▶ [Task instructions]:
Copy out the entries exactly. Print them in full.

=-=-=-=-=

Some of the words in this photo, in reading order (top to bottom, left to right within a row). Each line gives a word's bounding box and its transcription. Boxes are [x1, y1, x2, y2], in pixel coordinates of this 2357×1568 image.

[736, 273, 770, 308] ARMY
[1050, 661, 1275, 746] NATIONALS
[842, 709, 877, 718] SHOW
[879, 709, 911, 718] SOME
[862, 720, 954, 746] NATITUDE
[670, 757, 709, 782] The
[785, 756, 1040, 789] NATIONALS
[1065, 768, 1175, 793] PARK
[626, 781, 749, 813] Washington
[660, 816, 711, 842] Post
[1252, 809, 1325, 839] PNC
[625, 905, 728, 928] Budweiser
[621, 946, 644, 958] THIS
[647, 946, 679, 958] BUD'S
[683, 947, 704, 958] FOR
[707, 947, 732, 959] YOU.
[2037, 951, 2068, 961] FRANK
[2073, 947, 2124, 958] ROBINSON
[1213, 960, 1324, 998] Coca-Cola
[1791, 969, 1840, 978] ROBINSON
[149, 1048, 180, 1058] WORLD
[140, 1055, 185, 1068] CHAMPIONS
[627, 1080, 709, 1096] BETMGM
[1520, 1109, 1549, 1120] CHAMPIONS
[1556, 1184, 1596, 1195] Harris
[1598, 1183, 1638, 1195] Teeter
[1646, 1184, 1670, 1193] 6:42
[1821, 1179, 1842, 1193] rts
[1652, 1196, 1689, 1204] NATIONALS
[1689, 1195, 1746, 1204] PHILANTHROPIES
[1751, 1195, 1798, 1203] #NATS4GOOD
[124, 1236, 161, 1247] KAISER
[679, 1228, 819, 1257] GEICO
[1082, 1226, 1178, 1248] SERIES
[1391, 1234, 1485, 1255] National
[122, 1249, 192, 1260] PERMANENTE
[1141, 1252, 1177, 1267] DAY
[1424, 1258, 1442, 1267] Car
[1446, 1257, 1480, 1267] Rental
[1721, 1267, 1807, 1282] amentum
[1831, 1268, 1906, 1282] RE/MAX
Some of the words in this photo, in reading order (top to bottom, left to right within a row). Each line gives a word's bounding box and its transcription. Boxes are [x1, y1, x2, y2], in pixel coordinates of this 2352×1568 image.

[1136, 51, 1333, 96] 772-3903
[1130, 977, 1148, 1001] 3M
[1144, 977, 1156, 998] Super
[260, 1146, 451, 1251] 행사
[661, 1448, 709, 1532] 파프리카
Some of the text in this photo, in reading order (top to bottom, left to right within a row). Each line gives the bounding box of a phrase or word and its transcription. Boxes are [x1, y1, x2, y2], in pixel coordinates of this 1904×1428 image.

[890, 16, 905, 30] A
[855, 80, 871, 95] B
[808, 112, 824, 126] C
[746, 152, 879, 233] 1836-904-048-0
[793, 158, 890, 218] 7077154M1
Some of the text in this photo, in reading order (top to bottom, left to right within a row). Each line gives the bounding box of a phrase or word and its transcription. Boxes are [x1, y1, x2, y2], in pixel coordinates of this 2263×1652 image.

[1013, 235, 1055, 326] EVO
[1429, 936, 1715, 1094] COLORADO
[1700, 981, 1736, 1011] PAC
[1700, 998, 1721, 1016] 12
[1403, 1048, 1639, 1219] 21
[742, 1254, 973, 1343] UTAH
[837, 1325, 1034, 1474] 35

=-=-=-=-=

▶ [Response to the exercise]:
Some of the words in this photo, in reading order (top to bottom, left to right within a row). Each line gives a word's bounding box and its transcription. Boxes are [x1, y1, x2, y2], in pixel coordinates of this 2357×1568 image.

[736, 273, 770, 308] ARMY
[1050, 661, 1275, 746] NATIONALS
[842, 709, 877, 718] SHOW
[879, 709, 911, 718] SOME
[862, 720, 954, 746] NATITUDE
[670, 757, 709, 782] The
[785, 756, 1040, 789] NATIONALS
[1065, 768, 1175, 793] PARK
[626, 781, 749, 813] Washington
[660, 816, 711, 842] Post
[1252, 809, 1325, 839] PNC
[625, 905, 728, 928] Budweiser
[621, 946, 644, 958] THIS
[647, 946, 679, 958] BUD'S
[683, 947, 704, 958] FOR
[707, 947, 732, 959] YOU.
[2037, 951, 2068, 961] FRANK
[2073, 947, 2124, 958] ROBINSON
[1213, 960, 1324, 998] Coca-Cola
[1791, 969, 1840, 978] ROBINSON
[149, 1048, 180, 1058] WORLD
[140, 1055, 185, 1068] CHAMPIONS
[627, 1080, 709, 1096] BETMGM
[1520, 1109, 1549, 1120] CHAMPIONS
[1556, 1184, 1596, 1195] Harris
[1598, 1183, 1638, 1195] Teeter
[1646, 1184, 1670, 1193] 6:42
[1821, 1179, 1842, 1193] rts
[1652, 1196, 1689, 1204] NATIONALS
[1689, 1195, 1746, 1204] PHILANTHROPIES
[1751, 1195, 1798, 1203] #NATS4GOOD
[124, 1236, 161, 1247] KAISER
[679, 1228, 819, 1257] GEICO
[1082, 1226, 1178, 1248] SERIES
[1391, 1234, 1485, 1255] National
[122, 1249, 192, 1260] PERMANENTE
[1141, 1252, 1177, 1267] DAY
[1424, 1258, 1442, 1267] Car
[1446, 1257, 1480, 1267] Rental
[1721, 1267, 1807, 1282] amentum
[1831, 1268, 1906, 1282] RE/MAX
Some of the words in this photo, in reading order (top to bottom, left to right within a row). Each line gives a word's bounding box and its transcription. Boxes are [x1, y1, x2, y2], in pixel coordinates of this 2352×1568 image.

[1136, 51, 1333, 96] 772-3903
[1130, 977, 1148, 1001] 3M
[1144, 977, 1156, 998] Super
[260, 1146, 451, 1251] 행사
[661, 1448, 709, 1532] 파프리카
Some of the text in this photo, in reading order (top to bottom, left to right within a row). Each line gives the bounding box of a phrase or word and its transcription. Boxes are [x1, y1, x2, y2], in pixel coordinates of this 1904×1428 image.

[890, 16, 905, 30] A
[855, 80, 871, 95] B
[808, 112, 824, 126] C
[746, 152, 879, 233] 1836-904-048-0
[793, 158, 890, 218] 7077154M1
Some of the text in this photo, in reading order (top to bottom, left to right within a row). Each line gives the bounding box of a phrase or word and its transcription. Boxes are [x1, y1, x2, y2], in pixel coordinates of this 2263×1652 image.

[1013, 235, 1055, 326] EVO
[1429, 936, 1715, 1094] COLORADO
[1700, 981, 1736, 1011] PAC
[1700, 998, 1721, 1016] 12
[1403, 1048, 1639, 1219] 21
[742, 1254, 973, 1343] UTAH
[837, 1325, 1034, 1474] 35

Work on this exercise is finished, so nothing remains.